Start of AVAILABLE DATA
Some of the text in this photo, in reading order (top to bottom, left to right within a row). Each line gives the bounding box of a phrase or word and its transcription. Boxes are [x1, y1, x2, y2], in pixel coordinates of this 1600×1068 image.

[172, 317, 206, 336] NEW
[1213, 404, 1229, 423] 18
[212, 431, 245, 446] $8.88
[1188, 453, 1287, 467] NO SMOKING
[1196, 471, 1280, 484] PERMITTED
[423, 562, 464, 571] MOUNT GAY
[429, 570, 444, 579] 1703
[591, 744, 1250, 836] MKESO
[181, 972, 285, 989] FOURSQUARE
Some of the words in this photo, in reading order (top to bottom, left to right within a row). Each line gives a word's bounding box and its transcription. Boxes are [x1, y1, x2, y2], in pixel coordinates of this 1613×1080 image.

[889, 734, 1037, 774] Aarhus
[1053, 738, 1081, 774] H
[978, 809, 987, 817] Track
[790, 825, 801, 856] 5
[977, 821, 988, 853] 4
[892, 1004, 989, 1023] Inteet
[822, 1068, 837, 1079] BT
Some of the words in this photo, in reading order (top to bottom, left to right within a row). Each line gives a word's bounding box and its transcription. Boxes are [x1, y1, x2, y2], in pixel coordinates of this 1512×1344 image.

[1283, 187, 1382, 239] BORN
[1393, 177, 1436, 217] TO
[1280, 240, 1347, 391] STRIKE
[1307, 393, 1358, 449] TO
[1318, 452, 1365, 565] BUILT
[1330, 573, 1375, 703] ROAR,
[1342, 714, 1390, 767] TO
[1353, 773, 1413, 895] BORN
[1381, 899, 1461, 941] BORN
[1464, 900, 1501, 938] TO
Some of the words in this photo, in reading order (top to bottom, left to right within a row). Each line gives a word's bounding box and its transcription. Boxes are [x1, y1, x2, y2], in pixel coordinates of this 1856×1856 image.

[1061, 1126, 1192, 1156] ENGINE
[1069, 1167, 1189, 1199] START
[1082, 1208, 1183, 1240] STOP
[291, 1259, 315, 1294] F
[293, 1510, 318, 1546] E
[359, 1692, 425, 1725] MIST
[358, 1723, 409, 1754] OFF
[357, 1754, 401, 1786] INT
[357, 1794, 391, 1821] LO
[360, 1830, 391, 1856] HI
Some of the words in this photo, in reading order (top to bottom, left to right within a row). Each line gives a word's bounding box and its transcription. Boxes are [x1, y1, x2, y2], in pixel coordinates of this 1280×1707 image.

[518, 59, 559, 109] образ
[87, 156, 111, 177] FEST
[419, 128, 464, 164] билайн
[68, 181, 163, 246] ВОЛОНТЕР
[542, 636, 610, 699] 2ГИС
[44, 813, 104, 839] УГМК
End of AVAILABLE DATA
After locating the line with "this 1280×1707 image.", output that line and every later one exactly, through the end of the entries above.

Some of the words in this photo, in reading order (top to bottom, left to right within a row). Each line gives a word's bounding box and its transcription. Boxes are [x1, y1, x2, y2], in pixel coordinates of this 1280×1707 image.

[518, 59, 559, 109] образ
[87, 156, 111, 177] FEST
[419, 128, 464, 164] билайн
[68, 181, 163, 246] ВОЛОНТЕР
[542, 636, 610, 699] 2ГИС
[44, 813, 104, 839] УГМК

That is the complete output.